Jakins is a 12th-generation South African who came to Utah in 1990. He said energy storage technology in the United States is less developed than elsewhere, mainly because the electric grid is typically so reliable.
The blackouts in California offer new challenges, he said, and people are looking for answers.
“This gives you the ability to control your own power.”
While battery storage for energy isn’t part of most households, the good news for Utah is that at least 75% of residents report having an emergency kit and emergency plan, with supplies on hand that likely extend past 72 hours.
“We are fortunate to have a culture of preparedness,” said Joe Dougherty, spokesman with the Utah Division of Emergency Management.
Utah also has 90 communities with Community Emergency Response Teams that are trained in basic disaster response and certified through beready.utah.gov/index and the Federal Emergency Management Agency, Dougherty said.

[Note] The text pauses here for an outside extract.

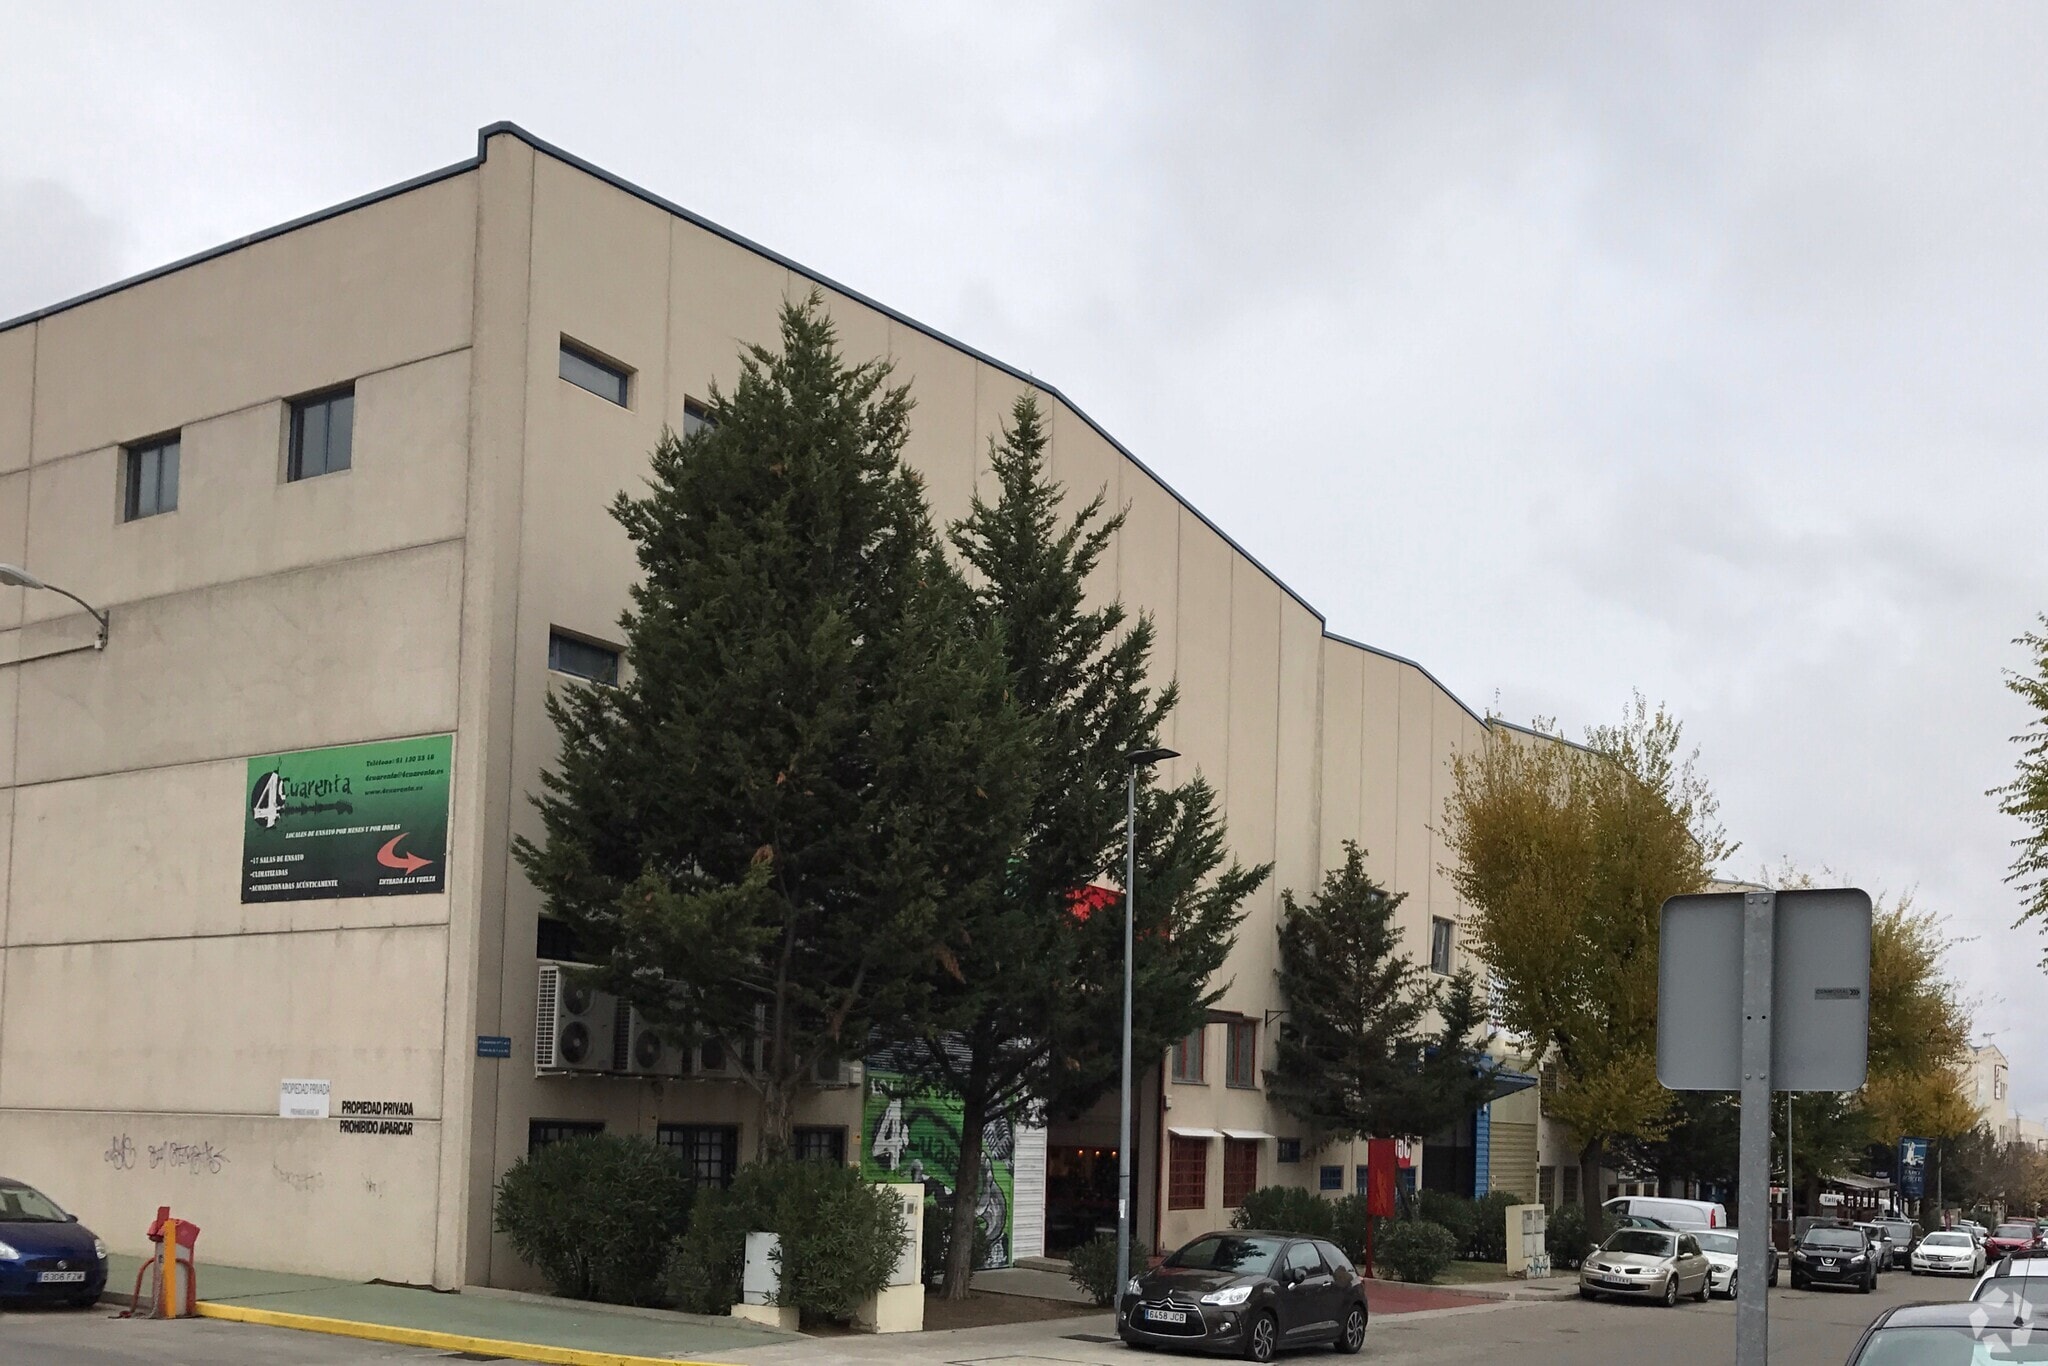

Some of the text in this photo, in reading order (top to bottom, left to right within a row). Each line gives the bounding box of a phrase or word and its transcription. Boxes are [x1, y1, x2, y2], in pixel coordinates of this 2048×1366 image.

“Even though that big earthquake has not happened yet, we have power outages, and these emergency kits work for so many things, even a job loss. If you plan ahead with money and supplies, you can weather any major interruption in your life.”
The division is also trying to shift the conversation from what the government tells you to do to how people can initiate preparedness among their own family members, neighborhood and community, Dougherty added.
It has come up with a new feature on its website, dem.utah.gov/share, to encourage people to share their stories of preparedness and inspire others to act.
“People are probably more prepared than they think. We have a great outdoors culture in this state with camping and hunting,” he said.
The division has been working with Rocky Mountain Power on its Public Safety Power Shutoff Areas, Dougherty said.
“We have been part of the conversation,” he said, “because nobody wants to see a repeat of Paradise, California.”